▸ Task objective
Each line of the listing below must be set down exactly.

▸ Data extract
________________

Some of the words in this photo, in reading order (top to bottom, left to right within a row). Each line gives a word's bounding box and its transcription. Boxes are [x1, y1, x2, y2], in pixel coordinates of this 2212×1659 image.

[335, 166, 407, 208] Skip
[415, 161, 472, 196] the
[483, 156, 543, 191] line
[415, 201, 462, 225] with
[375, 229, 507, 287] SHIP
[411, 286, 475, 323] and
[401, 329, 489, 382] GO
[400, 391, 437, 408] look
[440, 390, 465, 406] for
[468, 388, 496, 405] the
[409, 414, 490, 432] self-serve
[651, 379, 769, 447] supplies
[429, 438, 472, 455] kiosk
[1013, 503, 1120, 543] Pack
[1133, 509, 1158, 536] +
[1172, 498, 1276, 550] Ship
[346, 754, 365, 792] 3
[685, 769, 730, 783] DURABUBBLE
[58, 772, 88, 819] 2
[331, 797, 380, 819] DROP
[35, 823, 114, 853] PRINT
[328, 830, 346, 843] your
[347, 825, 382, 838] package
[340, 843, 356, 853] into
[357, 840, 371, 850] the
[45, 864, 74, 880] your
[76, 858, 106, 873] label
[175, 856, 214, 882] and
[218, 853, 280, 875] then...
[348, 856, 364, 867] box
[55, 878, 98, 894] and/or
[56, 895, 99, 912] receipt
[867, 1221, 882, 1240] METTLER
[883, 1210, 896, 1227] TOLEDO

________________

▸ Finished task
Some of the words in this photo, in reading order (top to bottom, left to right within a row). Each line gives a word's bounding box and its transcription. Boxes are [x1, y1, x2, y2], in pixel coordinates of this 2212×1659 image.

[335, 166, 407, 208] Skip
[415, 161, 472, 196] the
[483, 156, 543, 191] line
[415, 201, 462, 225] with
[375, 229, 507, 287] SHIP
[411, 286, 475, 323] and
[401, 329, 489, 382] GO
[400, 391, 437, 408] look
[440, 390, 465, 406] for
[468, 388, 496, 405] the
[409, 414, 490, 432] self-serve
[651, 379, 769, 447] supplies
[429, 438, 472, 455] kiosk
[1013, 503, 1120, 543] Pack
[1133, 509, 1158, 536] +
[1172, 498, 1276, 550] Ship
[346, 754, 365, 792] 3
[685, 769, 730, 783] DURABUBBLE
[58, 772, 88, 819] 2
[331, 797, 380, 819] DROP
[35, 823, 114, 853] PRINT
[328, 830, 346, 843] your
[347, 825, 382, 838] package
[340, 843, 356, 853] into
[357, 840, 371, 850] the
[45, 864, 74, 880] your
[76, 858, 106, 873] label
[175, 856, 214, 882] and
[218, 853, 280, 875] then...
[348, 856, 364, 867] box
[55, 878, 98, 894] and/or
[56, 895, 99, 912] receipt
[867, 1221, 882, 1240] METTLER
[883, 1210, 896, 1227] TOLEDO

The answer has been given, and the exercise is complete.